Phrase grounding data
━━━

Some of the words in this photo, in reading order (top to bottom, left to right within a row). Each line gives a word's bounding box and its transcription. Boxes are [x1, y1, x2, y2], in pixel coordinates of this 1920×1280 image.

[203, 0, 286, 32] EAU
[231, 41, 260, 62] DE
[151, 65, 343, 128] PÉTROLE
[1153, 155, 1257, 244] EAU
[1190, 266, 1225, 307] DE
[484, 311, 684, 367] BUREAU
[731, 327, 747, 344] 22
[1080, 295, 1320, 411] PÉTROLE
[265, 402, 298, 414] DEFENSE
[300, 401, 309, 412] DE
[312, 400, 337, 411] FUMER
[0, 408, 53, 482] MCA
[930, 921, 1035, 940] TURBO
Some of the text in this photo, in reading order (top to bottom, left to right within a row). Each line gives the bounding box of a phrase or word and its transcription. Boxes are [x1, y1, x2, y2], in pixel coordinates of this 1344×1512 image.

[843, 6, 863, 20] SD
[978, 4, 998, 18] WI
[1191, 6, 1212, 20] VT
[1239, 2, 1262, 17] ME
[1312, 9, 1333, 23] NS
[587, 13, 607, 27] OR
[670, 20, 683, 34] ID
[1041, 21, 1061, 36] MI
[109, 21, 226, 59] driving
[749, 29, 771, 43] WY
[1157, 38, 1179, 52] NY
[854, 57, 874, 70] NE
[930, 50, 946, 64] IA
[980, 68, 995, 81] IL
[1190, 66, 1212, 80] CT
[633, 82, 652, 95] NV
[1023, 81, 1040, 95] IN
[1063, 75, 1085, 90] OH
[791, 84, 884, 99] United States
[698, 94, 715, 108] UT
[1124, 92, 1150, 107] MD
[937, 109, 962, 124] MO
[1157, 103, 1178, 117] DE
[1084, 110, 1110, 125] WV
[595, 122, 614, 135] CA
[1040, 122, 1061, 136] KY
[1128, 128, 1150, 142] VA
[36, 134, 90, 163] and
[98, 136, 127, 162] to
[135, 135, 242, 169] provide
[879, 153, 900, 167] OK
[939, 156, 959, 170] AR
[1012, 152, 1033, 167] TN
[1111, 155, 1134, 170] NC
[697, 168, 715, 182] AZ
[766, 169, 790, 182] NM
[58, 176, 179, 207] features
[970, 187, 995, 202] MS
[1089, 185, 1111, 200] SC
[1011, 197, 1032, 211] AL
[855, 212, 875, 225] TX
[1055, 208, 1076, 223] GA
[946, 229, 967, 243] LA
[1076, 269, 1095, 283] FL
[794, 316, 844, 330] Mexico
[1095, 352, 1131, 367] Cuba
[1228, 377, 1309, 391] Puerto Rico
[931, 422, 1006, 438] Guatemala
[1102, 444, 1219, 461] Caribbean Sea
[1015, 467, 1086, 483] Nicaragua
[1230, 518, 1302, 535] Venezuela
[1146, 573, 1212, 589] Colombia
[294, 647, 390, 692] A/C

━━━

▶ Task details
Every one of the entries must be printed exactly.

▶ Result of the task
Some of the words in this photo, in reading order (top to bottom, left to right within a row). Each line gives a word's bounding box and its transcription. Boxes are [x1, y1, x2, y2], in pixel coordinates of this 1920×1280 image.

[203, 0, 286, 32] EAU
[231, 41, 260, 62] DE
[151, 65, 343, 128] PÉTROLE
[1153, 155, 1257, 244] EAU
[1190, 266, 1225, 307] DE
[484, 311, 684, 367] BUREAU
[731, 327, 747, 344] 22
[1080, 295, 1320, 411] PÉTROLE
[265, 402, 298, 414] DEFENSE
[300, 401, 309, 412] DE
[312, 400, 337, 411] FUMER
[0, 408, 53, 482] MCA
[930, 921, 1035, 940] TURBO
Some of the text in this photo, in reading order (top to bottom, left to right within a row). Each line gives the bounding box of a phrase or word and its transcription. Boxes are [x1, y1, x2, y2], in pixel coordinates of this 1344×1512 image.

[843, 6, 863, 20] SD
[978, 4, 998, 18] WI
[1191, 6, 1212, 20] VT
[1239, 2, 1262, 17] ME
[1312, 9, 1333, 23] NS
[587, 13, 607, 27] OR
[670, 20, 683, 34] ID
[1041, 21, 1061, 36] MI
[109, 21, 226, 59] driving
[749, 29, 771, 43] WY
[1157, 38, 1179, 52] NY
[854, 57, 874, 70] NE
[930, 50, 946, 64] IA
[980, 68, 995, 81] IL
[1190, 66, 1212, 80] CT
[633, 82, 652, 95] NV
[1023, 81, 1040, 95] IN
[1063, 75, 1085, 90] OH
[791, 84, 884, 99] United States
[698, 94, 715, 108] UT
[1124, 92, 1150, 107] MD
[937, 109, 962, 124] MO
[1157, 103, 1178, 117] DE
[1084, 110, 1110, 125] WV
[595, 122, 614, 135] CA
[1040, 122, 1061, 136] KY
[1128, 128, 1150, 142] VA
[36, 134, 90, 163] and
[98, 136, 127, 162] to
[135, 135, 242, 169] provide
[879, 153, 900, 167] OK
[939, 156, 959, 170] AR
[1012, 152, 1033, 167] TN
[1111, 155, 1134, 170] NC
[697, 168, 715, 182] AZ
[766, 169, 790, 182] NM
[58, 176, 179, 207] features
[970, 187, 995, 202] MS
[1089, 185, 1111, 200] SC
[1011, 197, 1032, 211] AL
[855, 212, 875, 225] TX
[1055, 208, 1076, 223] GA
[946, 229, 967, 243] LA
[1076, 269, 1095, 283] FL
[794, 316, 844, 330] Mexico
[1095, 352, 1131, 367] Cuba
[1228, 377, 1309, 391] Puerto Rico
[931, 422, 1006, 438] Guatemala
[1102, 444, 1219, 461] Caribbean Sea
[1015, 467, 1086, 483] Nicaragua
[1230, 518, 1302, 535] Venezuela
[1146, 573, 1212, 589] Colombia
[294, 647, 390, 692] A/C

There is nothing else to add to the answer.